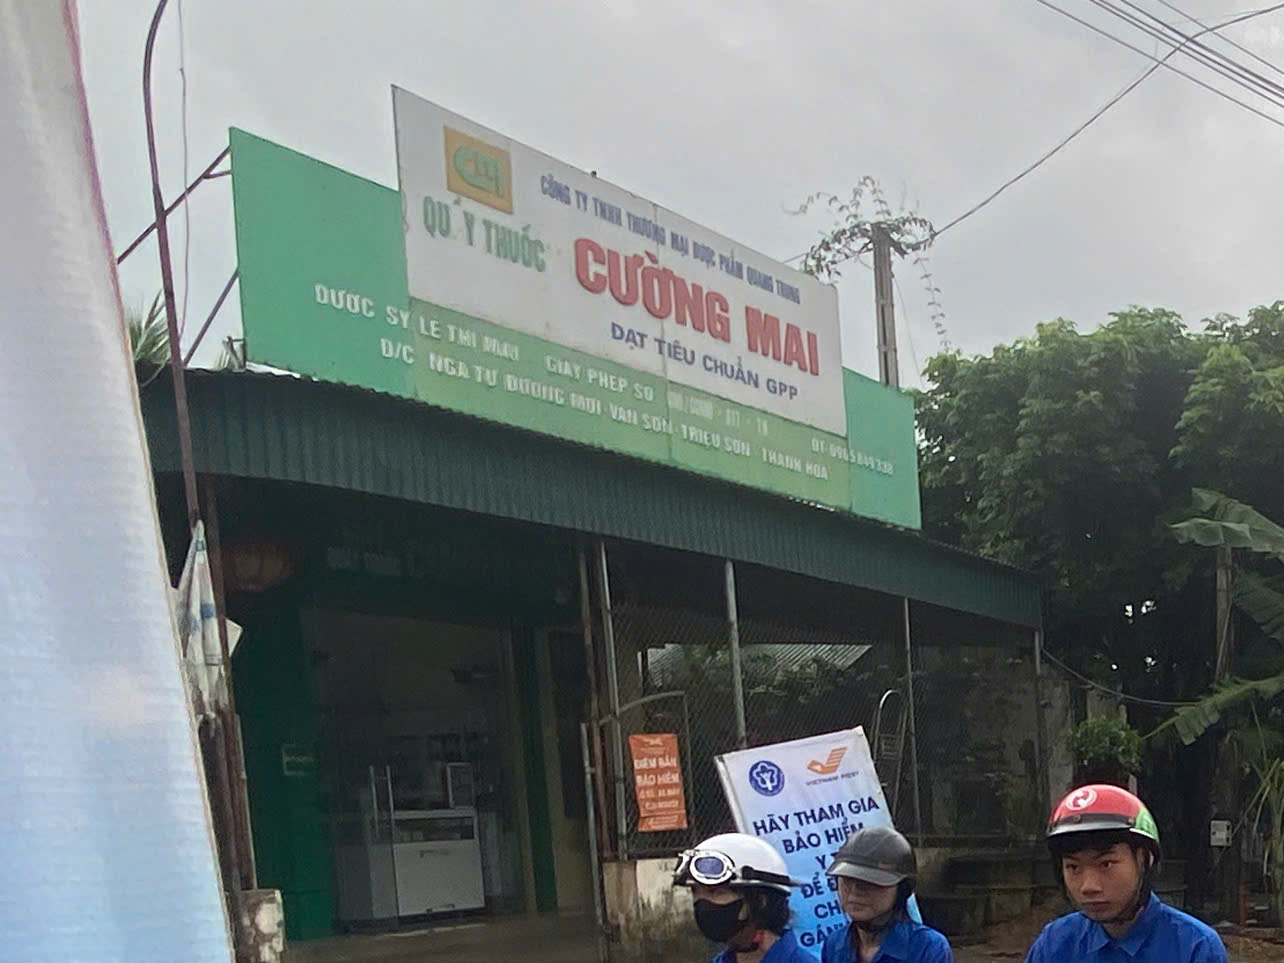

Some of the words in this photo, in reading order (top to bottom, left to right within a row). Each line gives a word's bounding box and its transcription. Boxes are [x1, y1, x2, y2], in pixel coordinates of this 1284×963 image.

[574, 190, 588, 213] TY
[574, 238, 731, 343] CƯỜNG
[745, 305, 820, 377] MAI
[654, 337, 696, 366] TIÊU
[766, 378, 799, 401] GPP
[752, 812, 790, 836] HÃY
[794, 803, 845, 827] THAM
[847, 796, 880, 815] GIA
[782, 829, 821, 854] BẢO
[800, 874, 825, 899] ĐỂ
+---+
• **ACTIVITY**: With the pictures left out, return all the material above exactly.

• **EXERCISE SOLUTION**:
Some of the words in this photo, in reading order (top to bottom, left to right within a row). Each line gives a word's bounding box and its transcription. Boxes are [x1, y1, x2, y2], in pixel coordinates of this 1284×963 image.

[574, 190, 588, 213] TY
[574, 238, 731, 343] CƯỜNG
[745, 305, 820, 377] MAI
[654, 337, 696, 366] TIÊU
[766, 378, 799, 401] GPP
[752, 812, 790, 836] HÃY
[794, 803, 845, 827] THAM
[847, 796, 880, 815] GIA
[782, 829, 821, 854] BẢO
[800, 874, 825, 899] ĐỂ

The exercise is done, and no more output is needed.